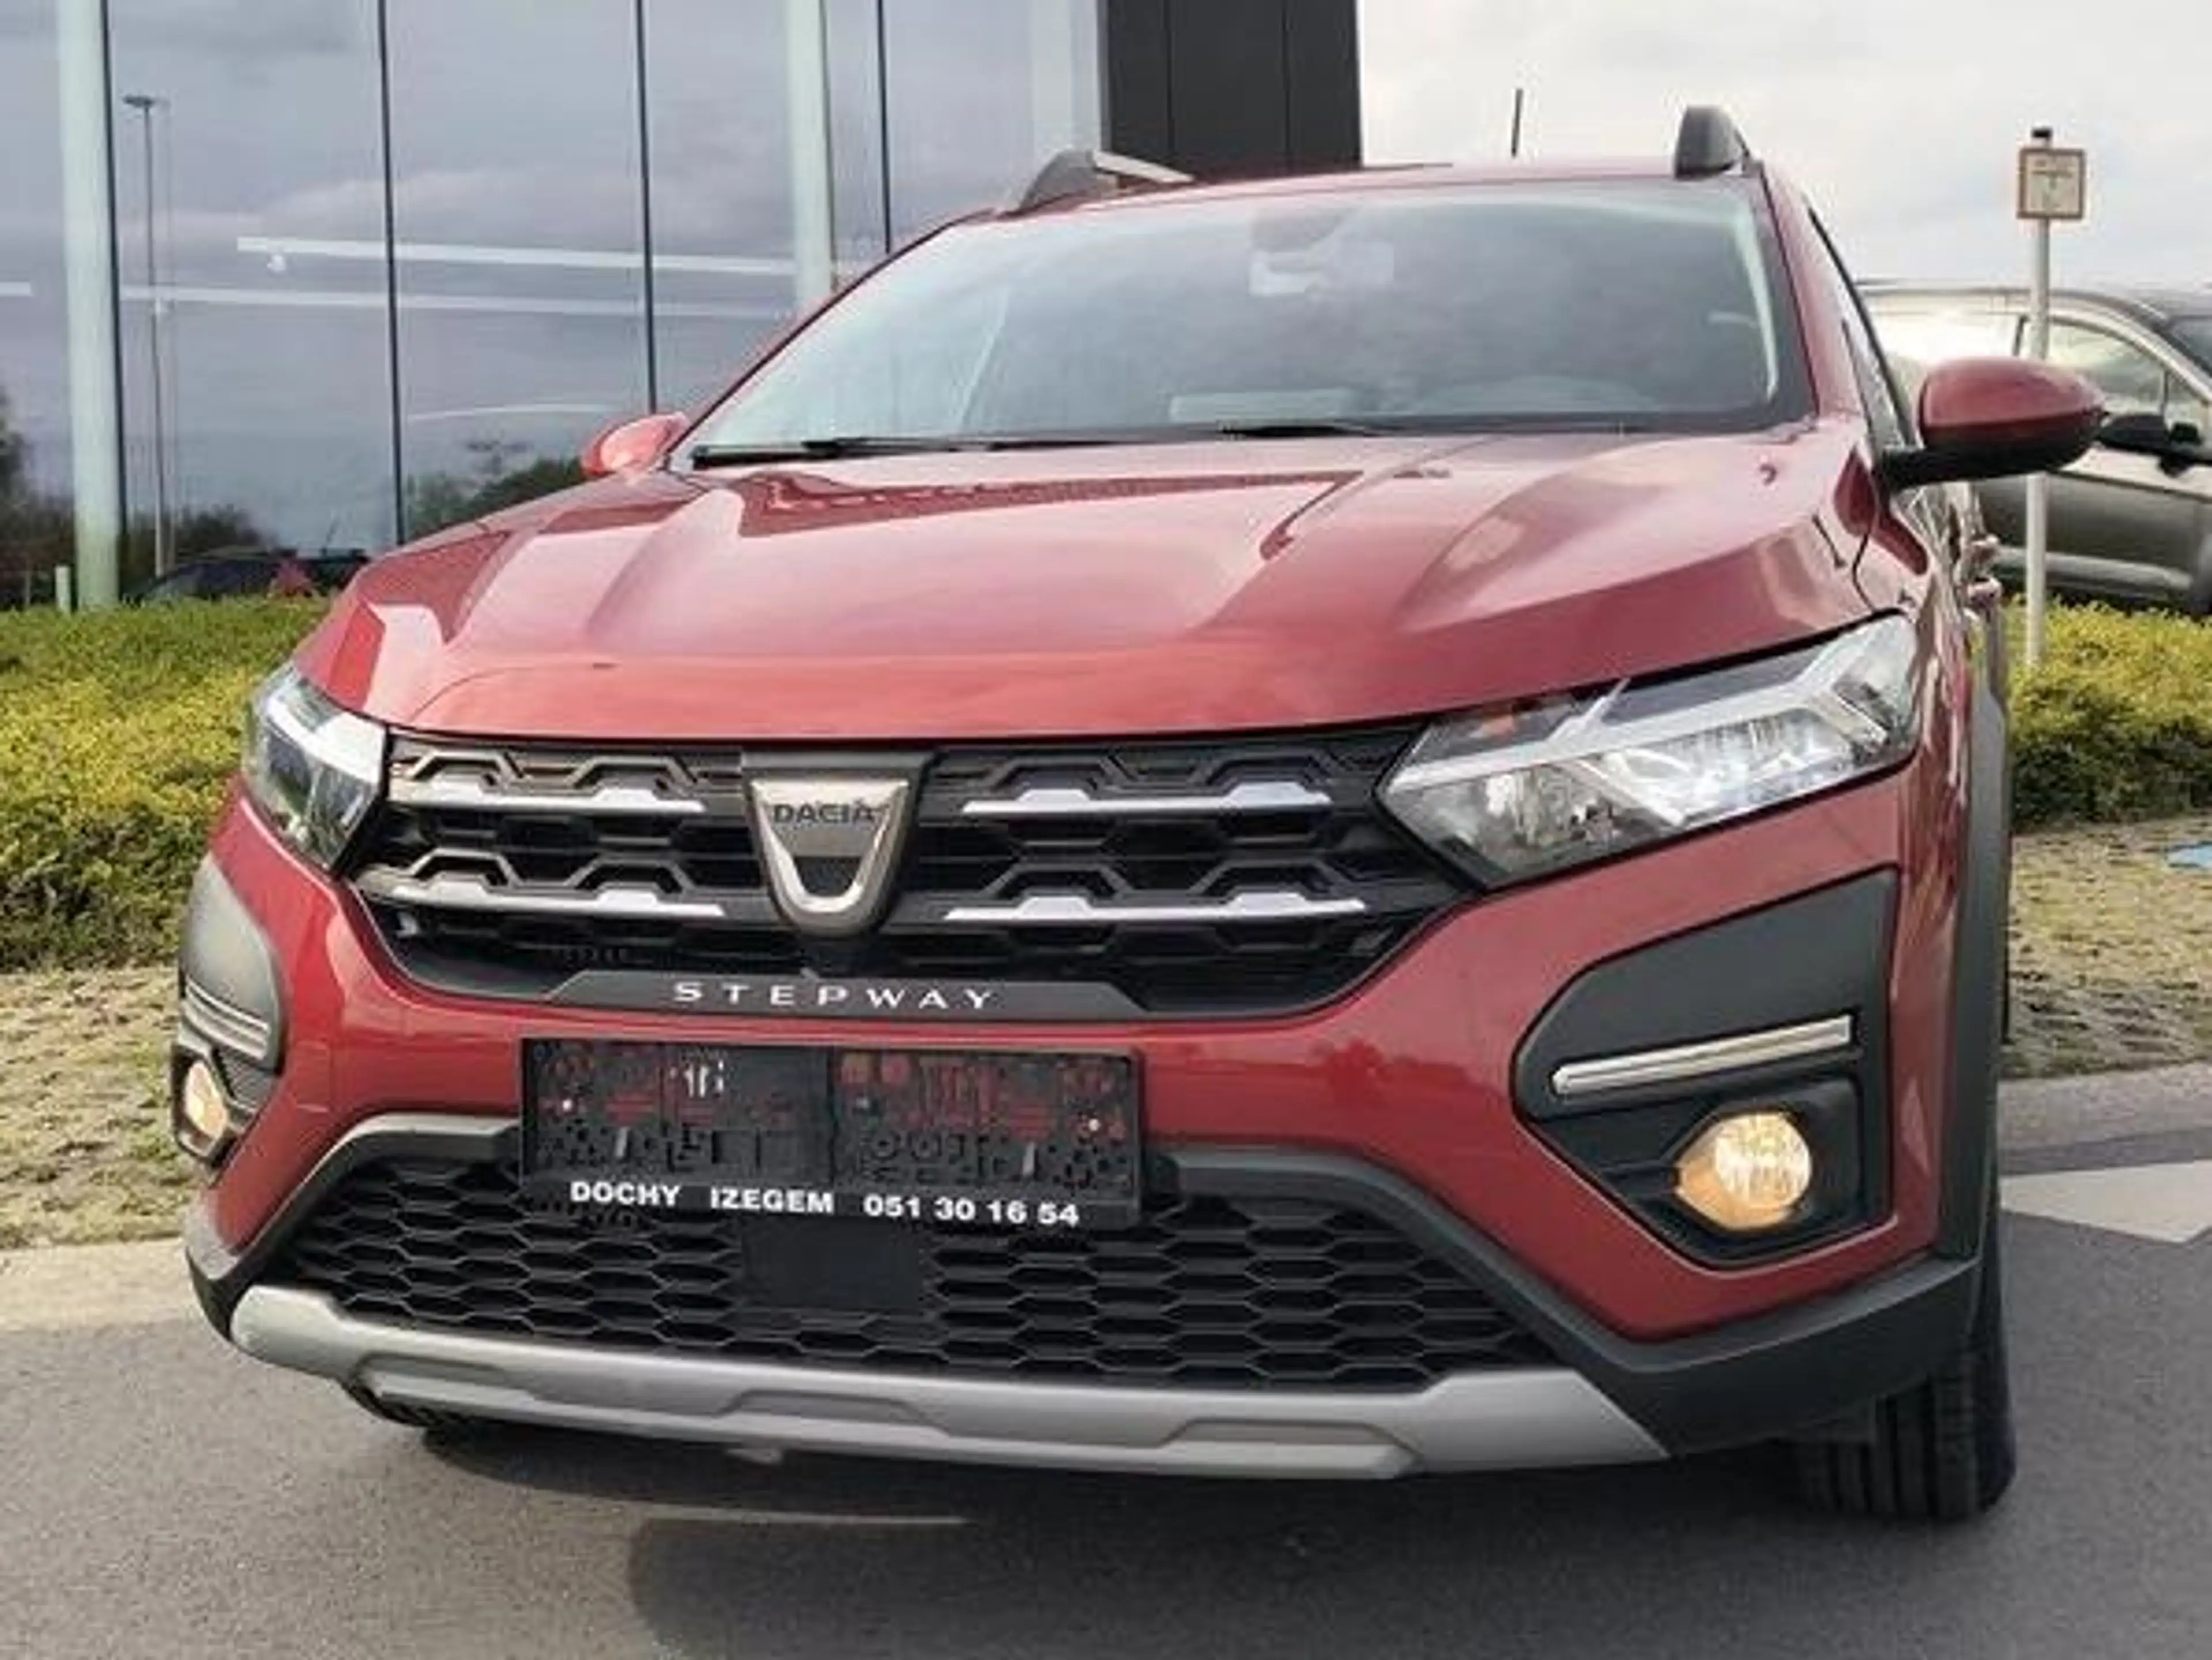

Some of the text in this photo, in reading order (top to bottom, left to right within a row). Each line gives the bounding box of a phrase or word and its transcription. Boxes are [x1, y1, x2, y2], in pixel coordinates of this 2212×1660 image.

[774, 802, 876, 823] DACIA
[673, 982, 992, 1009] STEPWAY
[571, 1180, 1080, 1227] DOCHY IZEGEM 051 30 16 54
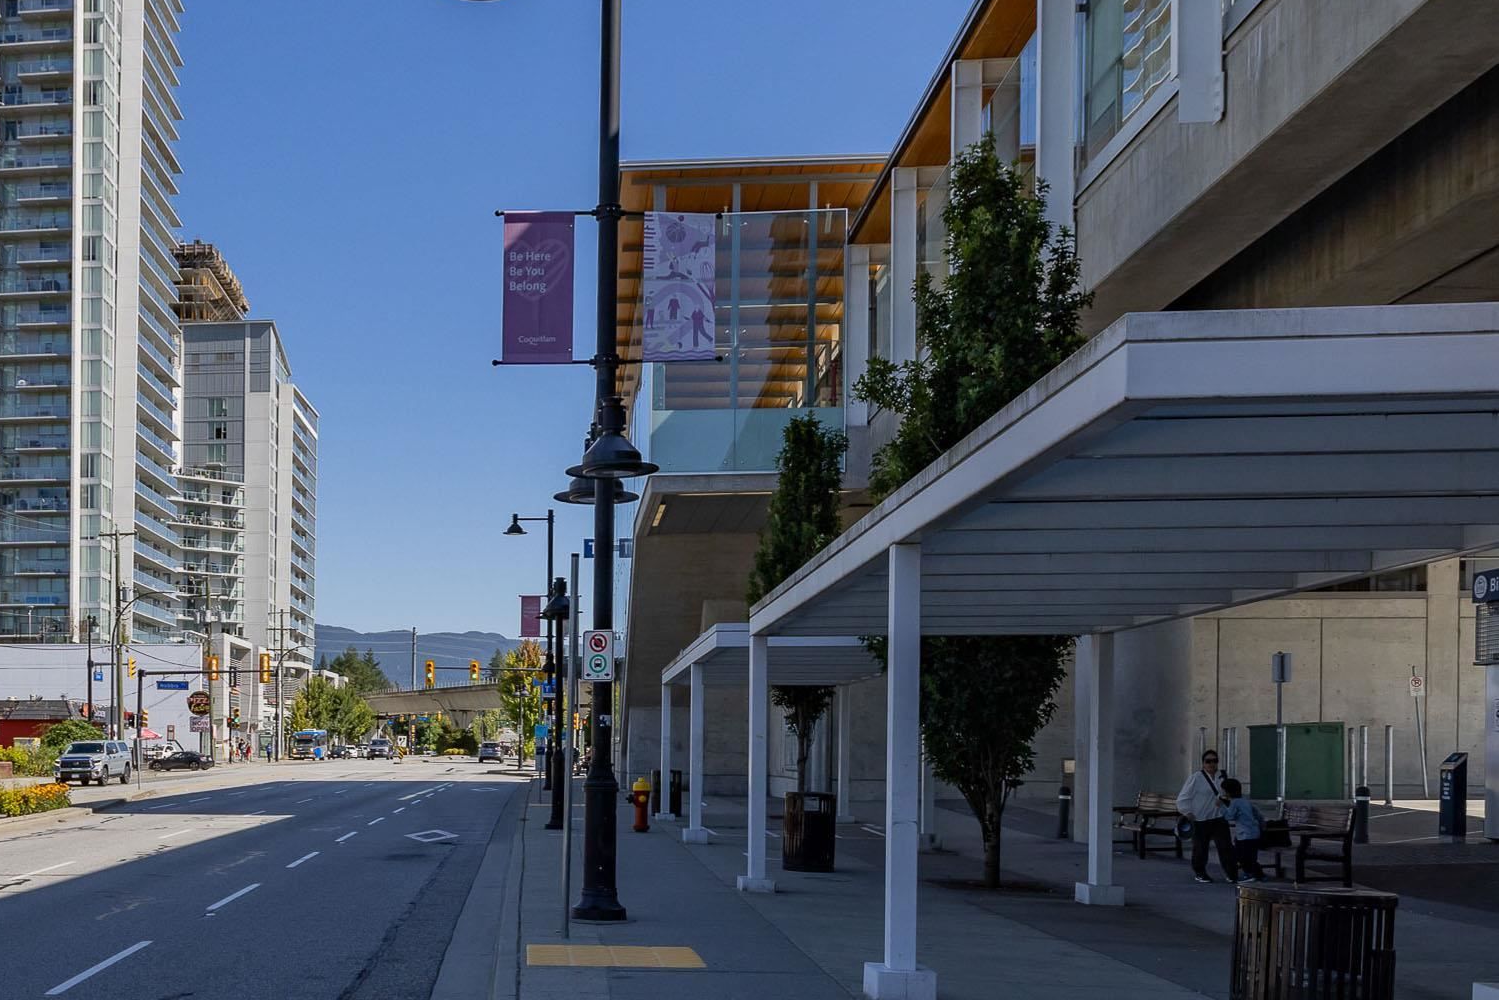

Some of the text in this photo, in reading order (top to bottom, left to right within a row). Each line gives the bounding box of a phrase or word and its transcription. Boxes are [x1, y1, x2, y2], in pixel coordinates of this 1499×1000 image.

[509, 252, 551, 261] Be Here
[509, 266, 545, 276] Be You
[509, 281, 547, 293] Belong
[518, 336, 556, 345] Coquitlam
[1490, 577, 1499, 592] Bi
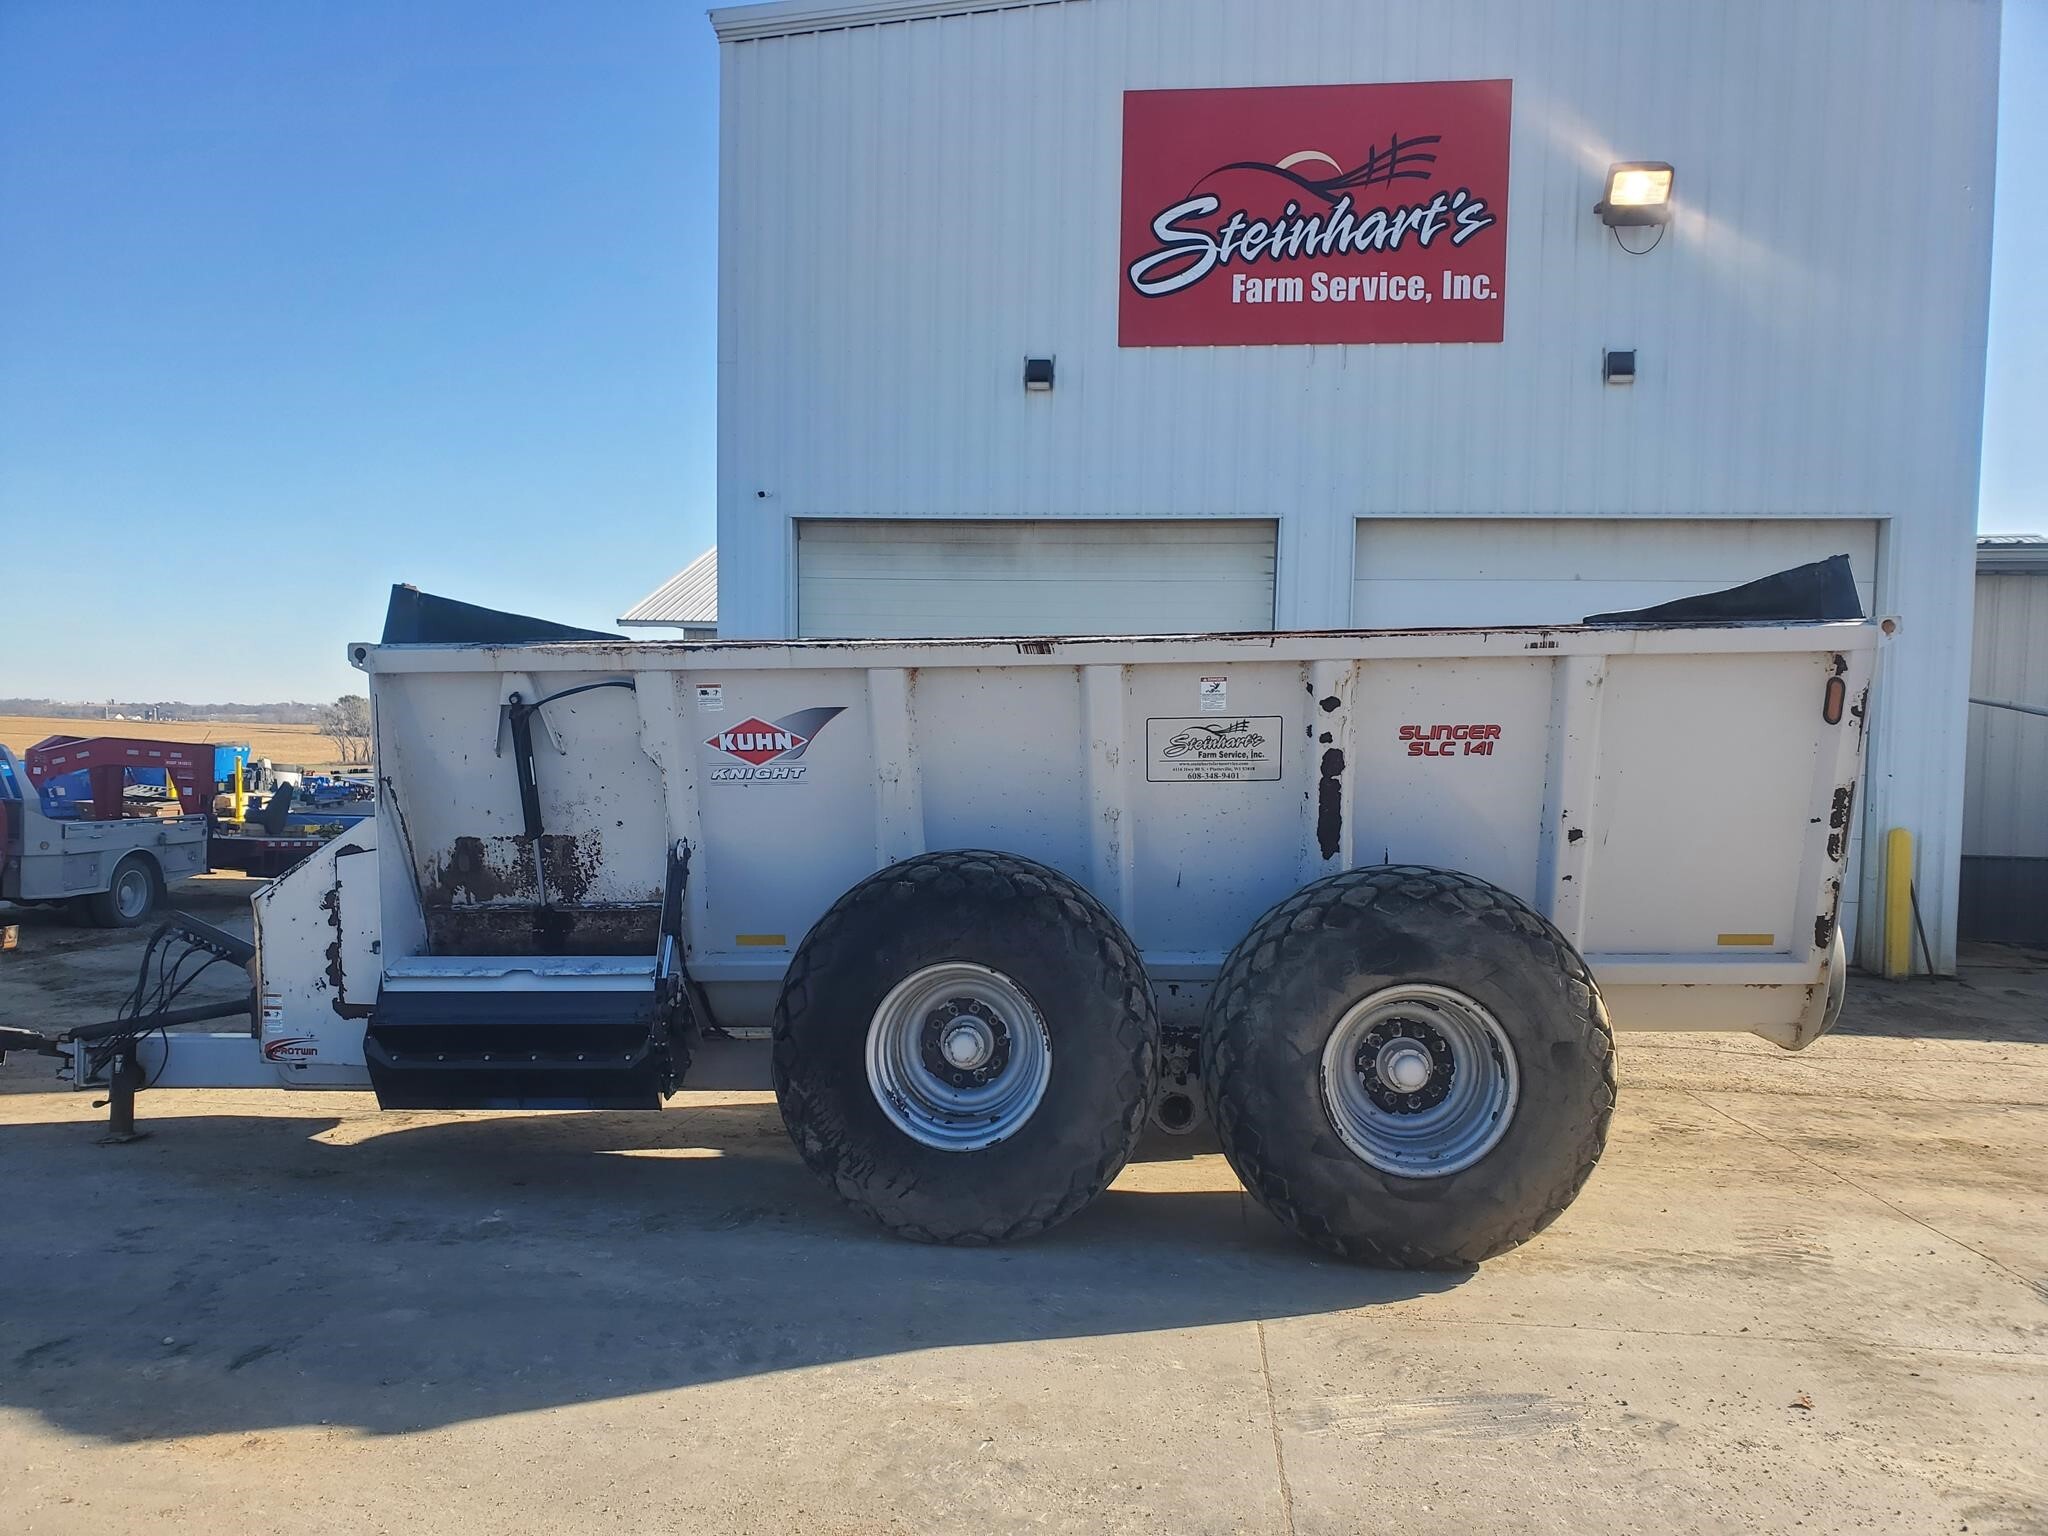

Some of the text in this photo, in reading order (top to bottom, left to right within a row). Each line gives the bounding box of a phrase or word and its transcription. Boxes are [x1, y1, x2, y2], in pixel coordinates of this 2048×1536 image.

## Required work
If pictures appear, drop them, and retype exactly the lines from the "this 1499×1000 image." line through the last line of the data above.

## Written solution
Some of the text in this photo, in reading order (top to bottom, left to right within a row). Each line gives the bounding box of a phrase or word and its transcription. Boxes are [x1, y1, x2, y2], in pixel coordinates of this 1499×1000 image.

[509, 252, 551, 261] Be Here
[509, 266, 545, 276] Be You
[509, 281, 547, 293] Belong
[518, 336, 556, 345] Coquitlam
[1490, 577, 1499, 592] Bi

Some of the text in this photo, in reading order (top to bottom, left to right within a row). Each line gives the bounding box of a phrase or word and its transcription. Boxes are [x1, y1, x2, y2], in pixel coordinates of this 2048×1536 image.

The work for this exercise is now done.